The Role of Token Hygiene in Preventing Breaches
It’s far too common that token theft is the source of a SaaS security breach. For organizations, this means taking a disciplined approach to token hygiene in order to stay safe. A lone purchased or stolen token can compromise multi-factor authentication (MFA) and other fraud prevention techniques. This provides attackers an entry point to access sensitive information for multiple organizations of the impacted customers. As a result, organizations need to focus on keeping tabs on what tokens are doing by turning on logging and monitoring usage with all SaaS applications.
To make their security posture much better, organizations should be proactive in identifying these unused tokens they have lurking within their systems. This can mean deploying alerts or an automated burn/blacklist process to correlate usage patterns with tokens that are inactive, lost, or just abandoned. By regularly reviewing token utilization, security teams can help ensure the environment remains secure by only enabling those with a valid need. This practice lowers the risks associated with dormant tokens.
Additionally, bringing token management into employee offboarding processes is a must. It’s critically important to revoke tokens and access tokens quickly when employees leave or third-party applications retire. This is a necessary action that goes a long way in stopping unlawful entry. By implementing these practices, companies enhance their ability to protect themselves from future breaches.

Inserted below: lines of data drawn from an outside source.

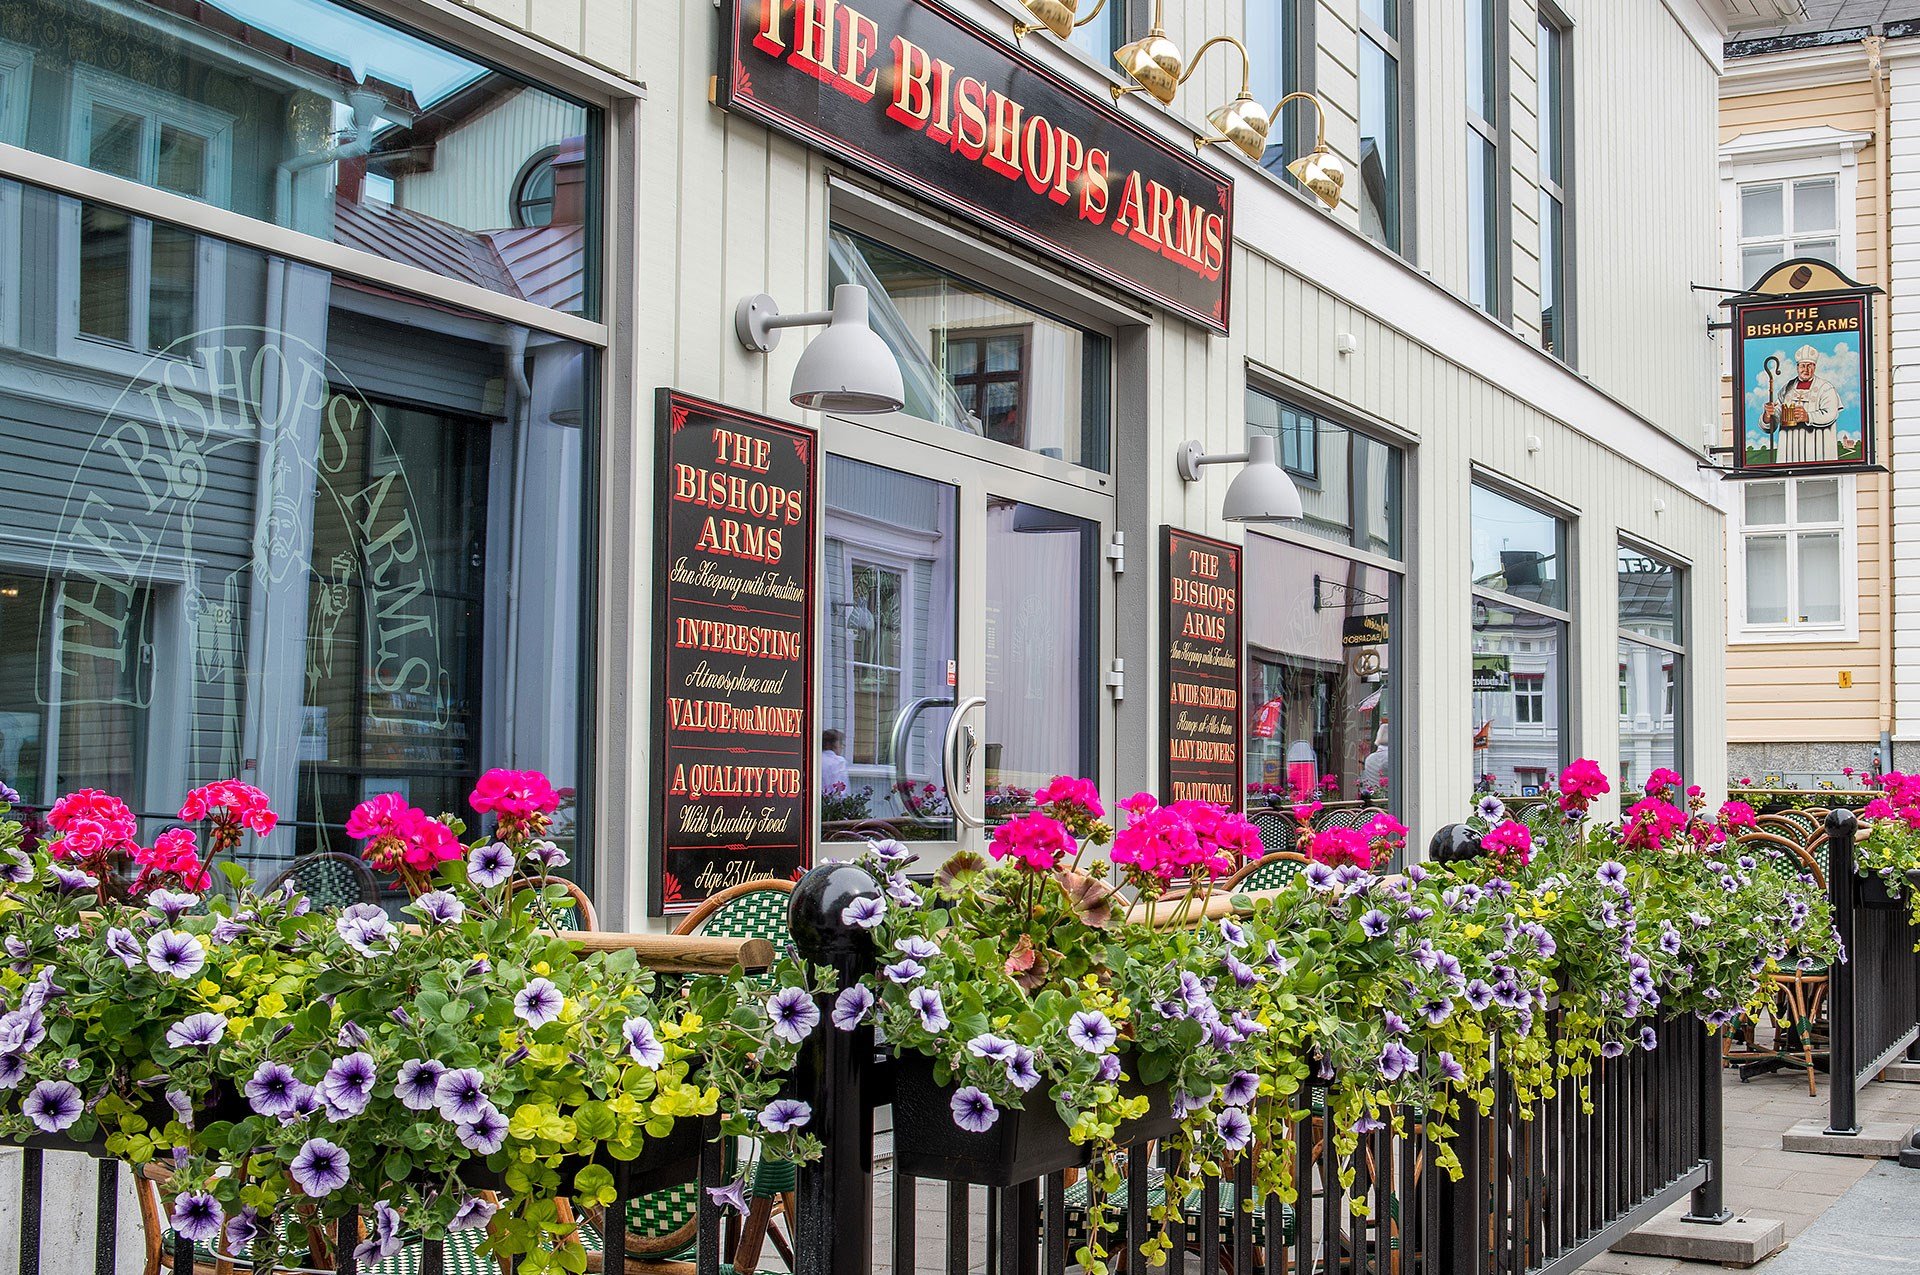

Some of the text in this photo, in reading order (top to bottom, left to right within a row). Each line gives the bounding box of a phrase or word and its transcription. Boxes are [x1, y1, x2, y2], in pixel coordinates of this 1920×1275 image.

[886, 36, 1110, 225] BISHOPS
[1112, 170, 1225, 281] ARMS
[1747, 317, 1859, 337] BISHOPS ARMS
[1785, 307, 1819, 320] THE
[712, 428, 771, 474] THE
[674, 462, 802, 526] BISHOPS
[54, 343, 432, 696] THE BISHOPS ARMS
[694, 516, 782, 565] ARMS
[670, 556, 804, 603] Inn Keeping with Tradition
[1189, 549, 1219, 580] THE
[1172, 577, 1236, 615] BISHOPS
[675, 617, 800, 662] INTERESTING
[1181, 612, 1226, 644] ARMS
[685, 660, 788, 697] Atmosphere and
[1170, 682, 1178, 704] A
[1177, 683, 1199, 707] WIDE
[1199, 685, 1237, 711] SELECTED
[667, 697, 803, 737] VALUE FOR MONEY
[1170, 739, 1235, 764] MANY BREWERS
[669, 763, 801, 800] A QUALITY PUB
[1173, 781, 1234, 805] TRADITIONAL
[679, 805, 791, 840] With Quality Food
[694, 861, 723, 897] Age
[722, 860, 743, 888] 23

Enforcing App Approval and Monitoring Token Activity
Organizations must implement app approval policies in order to develop a strong security infrastructure. This creates a strong security vetting process for any new SaaS integrations. Such controls help to make sure that only applications we trust get access to our sensitive data and resources. Taking this proactive approach helps to ensure unauthorized applications attempting to exploit token vulnerabilities find them far less likely to succeed.
Tracking all token activity is key to a safe SaaS landscape. Organizations can create logging and token monitoring features to track token usage across all their cloud and on-premises environments. This helps security teams to identify anomalies and potential threats in real-time, enabling them to respond quickly to suspicious activities.

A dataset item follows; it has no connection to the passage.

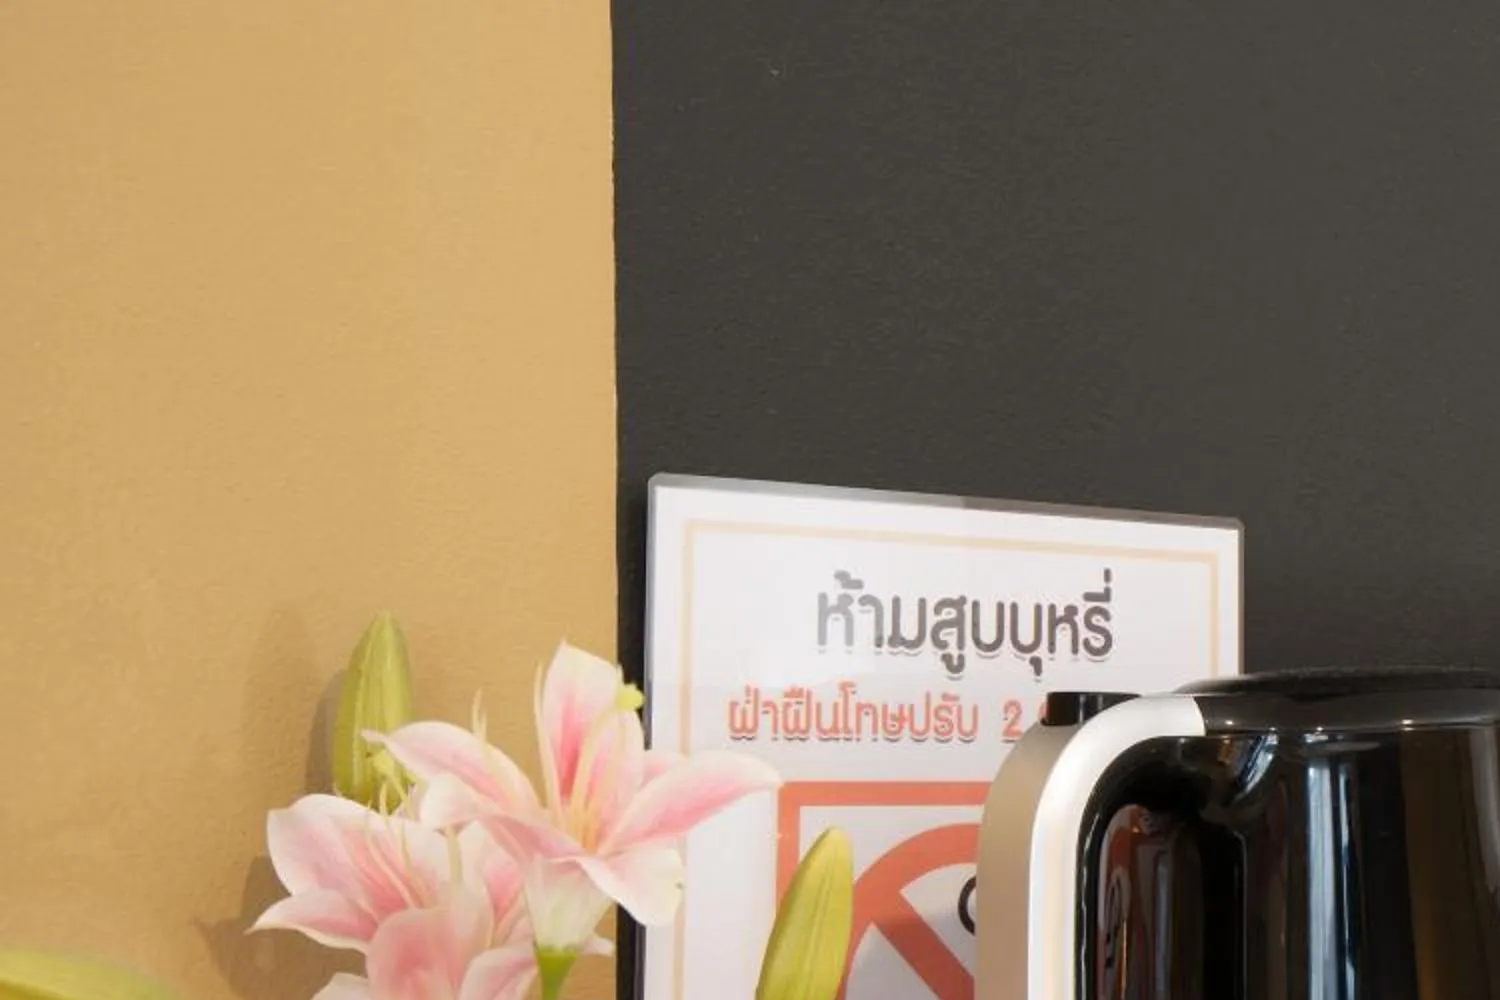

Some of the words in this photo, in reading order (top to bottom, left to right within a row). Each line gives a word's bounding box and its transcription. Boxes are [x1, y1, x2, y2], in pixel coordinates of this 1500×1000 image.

[816, 567, 1114, 679] ห้ามสูบบุหรี่
[728, 680, 980, 743] ฝ่าฝืนโทษปรับ

>Dynamic SaaS security platforms have emerged to assist enterprises in discovering and securing their SaaS integrations amid the growing challenge of SaaS sprawl. The average enterprise controls more than 490 cloud apps. These are often unsanctioned or poorly secured third-party applications, so robust token management and general security hardening is key.
Lessons Learned from Recent Breaches
As recent breaches show, effective token management strategies are absolutely vital. The Drift chatbot disaster highlighted risks that exist within the poorly secured third party applications that organizations use. It was wreaking havoc by harvesting OAuth tokens from popular third-party integrations, such as Salesforce and Google Workspace. These breaches affect more than just the immediate entity breached—they can have a domino effect through the connected client networks.
Together, the incidents with CircleCI and Cloudflare offer a perfect learning moment. We need to frequently change credentials and continuously track token utilization to be safe. Organizations need to make updating API tokens and service account credentials a priority. This action makes a potentially compromised token much less useful to any would-be attacker.